If you take a look at unit pricing, that continued to trend up, and in some cases, unit pricing has trended up higher than rental rate increases.
So we are trying to compensate for that, by obviously moving nominal rents higher, really focused on trying to lengthen lease term to the extent we can, and always analyzing every lease through kind of this window, of, are we actually increasing net effect of rents.
And look, in some markets, in some parts, we are in a much stronger negotiation position than others. But I think generally, from a portfolio management standpoint, we do feel like our ability as a -- we mentioned in the comments, the move on net effect of rents up over 4% this year, is a good step in the right direction.
So controlling capital tends to be the highest element of balancing the tension on a deal-by-deal basis..
Thanks guys..
Thank you..
And our next question comes from the line of Jamie Feldman from Bank of America. Your line is now open..
Great. Thank you. Good morning..
Good morning Jamie..
So I guess I want to focus on the ramp, both for same store NOI and even to get to your earnings guidance.
Could you -- how much of the same store spike in the back half of the year is already baked in, versus requires you to hit your leasing targets? And I guess a similar question, just on hitting your guidance?.
Well, I mean, I think you know, in terms of the -- our range assumes that we hit our open spec revenues. So as we laid out in the supplemental, I mean, we have got about 600,000 square feet of leasing.
To achieve that leasing, is going to generate an additional $4.6 million of spec revenue; and most of that is all within kind of the same store portfolio. The assets that are transitioning in the same store are fairly well leased at this point. So we obviously need to hit that. We have got the pipeline as we have talked about.
That open square footage, about 40% of it is in Pennsylvania, 25% in the city, and 25% in D.C., with the last 10% really being built in [indiscernible], at Broadmoor in Austin..
Okay.
But I guess, like of the cash piece, how much of it is actually transitioning those assets into the portfolio? That would -- I assume would already have baked in?.
Well I mean, I think everything is baked in, other than this remaining $4.6 million..
All right. Okay. .
Yeah, and Jamie, I think also, as we look at FMC, as we mentioned earlier coming into the quarterly same store. But we do still expect some NOI ramp to come from our -- from components of FMC, that weren't there in the first quarter, that will still increase as we go throughout the year. As you relate to -- [indiscernible] into our earnings guidance..
Okay. And then Jerry, I know you had mentioned some assets that you still consider non-core.
I mean, what are your big picture thoughts on weighing earnings dilution versus asset sales at this point?.
Great question.
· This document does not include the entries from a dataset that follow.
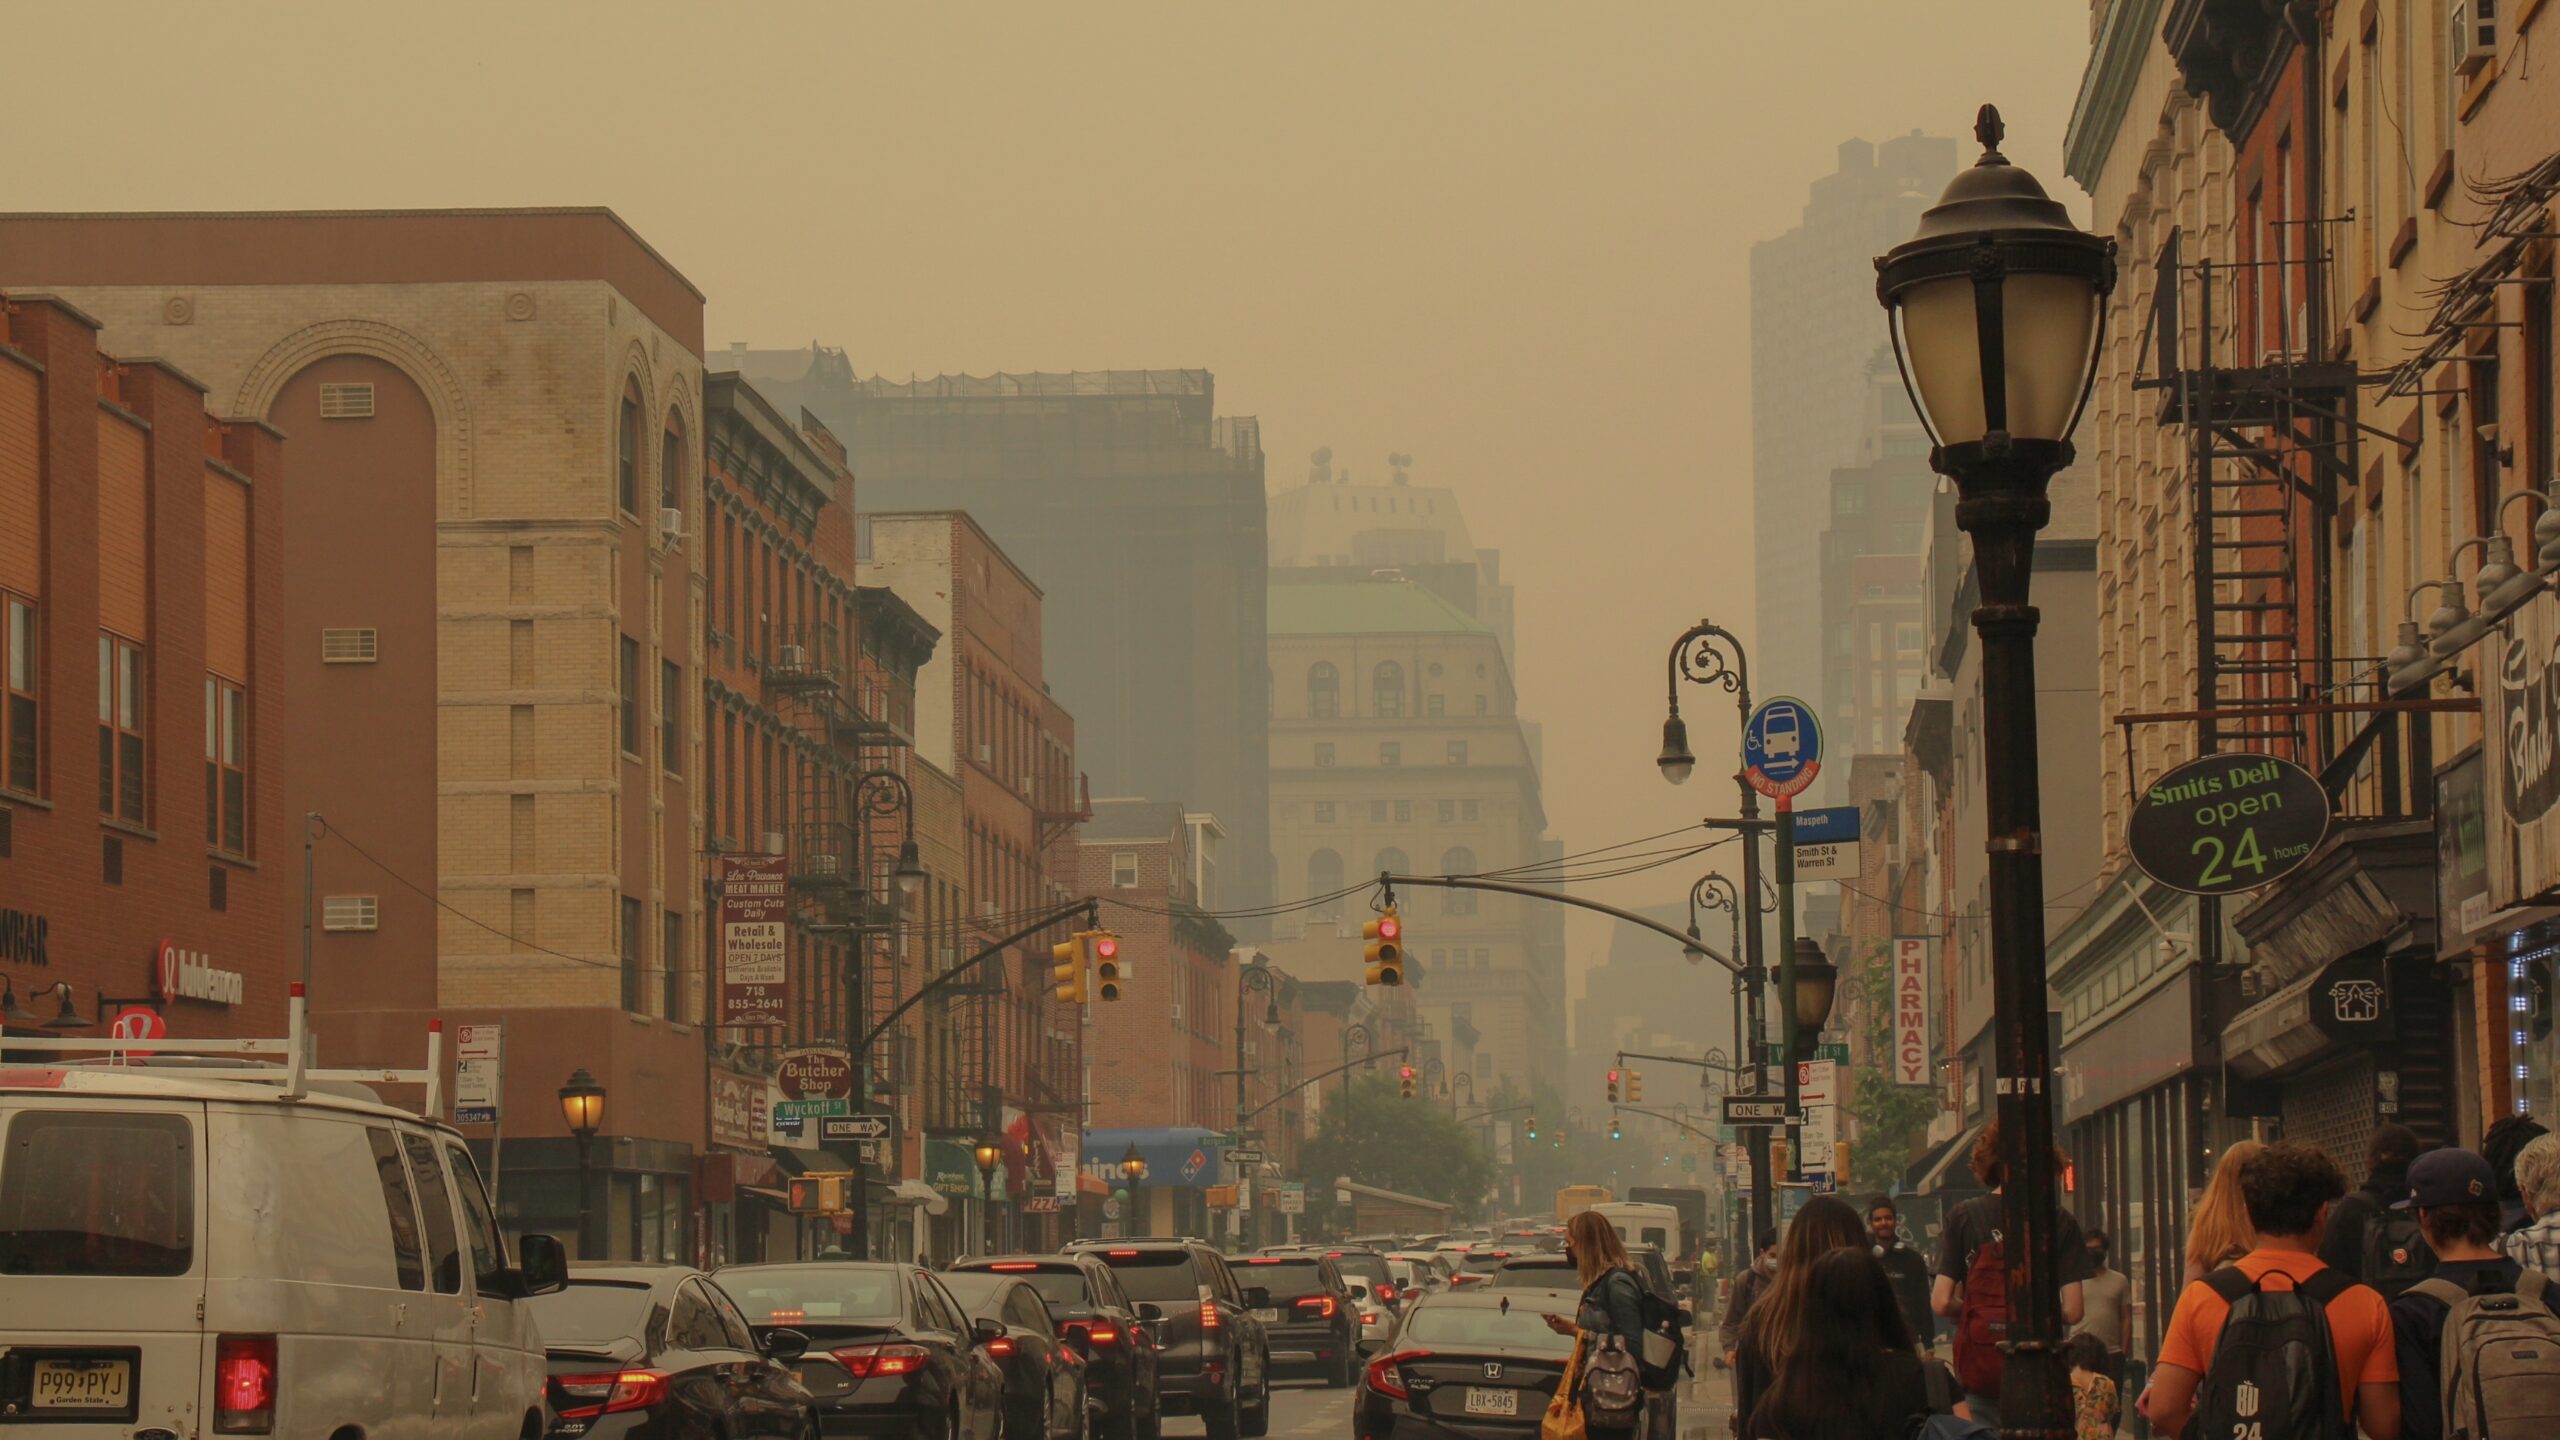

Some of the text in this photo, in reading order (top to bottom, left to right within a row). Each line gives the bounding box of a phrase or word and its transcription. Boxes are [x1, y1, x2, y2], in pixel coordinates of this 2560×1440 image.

[1749, 766, 1813, 795] NO STANDING
[2149, 760, 2280, 807] Smits Deli
[2195, 791, 2282, 827] open
[1796, 813, 1828, 827] Maspeth
[1796, 845, 1837, 858] Smith St &
[2191, 827, 2309, 887] 24 hours
[1797, 856, 1835, 868] Warren St
[725, 884, 784, 893] MEAT MARKET
[727, 899, 785, 908] Custom Cuts
[744, 909, 766, 919] Daily
[734, 925, 775, 936] Retail &
[728, 938, 783, 950] Wholesale
[728, 953, 751, 962] OPEN
[760, 953, 782, 962] DAYS
[178, 949, 242, 1005] lululemon
[746, 986, 765, 996] 718
[1900, 940, 1923, 1081] PHARMACY
[806, 1054, 825, 1064] The
[786, 1062, 845, 1077] Butcher
[799, 1078, 832, 1091] Shop
[784, 1101, 841, 1118] Wyckoff St
[1735, 1105, 1761, 1116] ONE
[1800, 1107, 1807, 1125] 2
[832, 1123, 880, 1133] ONE WAY
[932, 1184, 969, 1193] GIFT SHOP
[2233, 1422, 2262, 1440] 24
I think as we look at it Jamie, we have -- we do really all the heavy lifting in the rear view mirror, in terms of the portfolio of earning. So we think we have the ability to be more surgical on how we sell assets, and certainly modulate that to a great degree to other deployment opportunities.
So as you think about our two major predicates over last year has been, get the portfolio to where we want it to be, the right product, the right submarkets, the right quality, and get the balance sheet into that targeted range that we have outlined, as part of our 2018 plan.
We are there, we know we have got some [indiscernible] on the development side. We want to make sure that we have the ability to kind of move sales, to generate capital, to fund those forward commitments, and renovation projects underway.
So I think, we really do believe, as we've talked on the last call, that as we have embarked on sales, one of our key issues is to maintain earnings momentum, as well as really accelerate cash flow growth, and that's kind of -- those two points along with the balance sheet, are really the drivers behind how we are looking at our investment program..
Okay. And then just finally, we are moving kind of in the later stages of the cycle here.
Just thoughts on supply risk in Philadelphia and Austin, and how that might impact your business going forward?.
Yeah look, we are always focused on supply risk. Fortunately in Philadelphia, there is not a lot on the near term horizon, on the office side. Couple of the projects that are kind of in renovation, like the 2400 Market or having some great leasing success, that's really anchored by Aramark as their new corporate headquarters.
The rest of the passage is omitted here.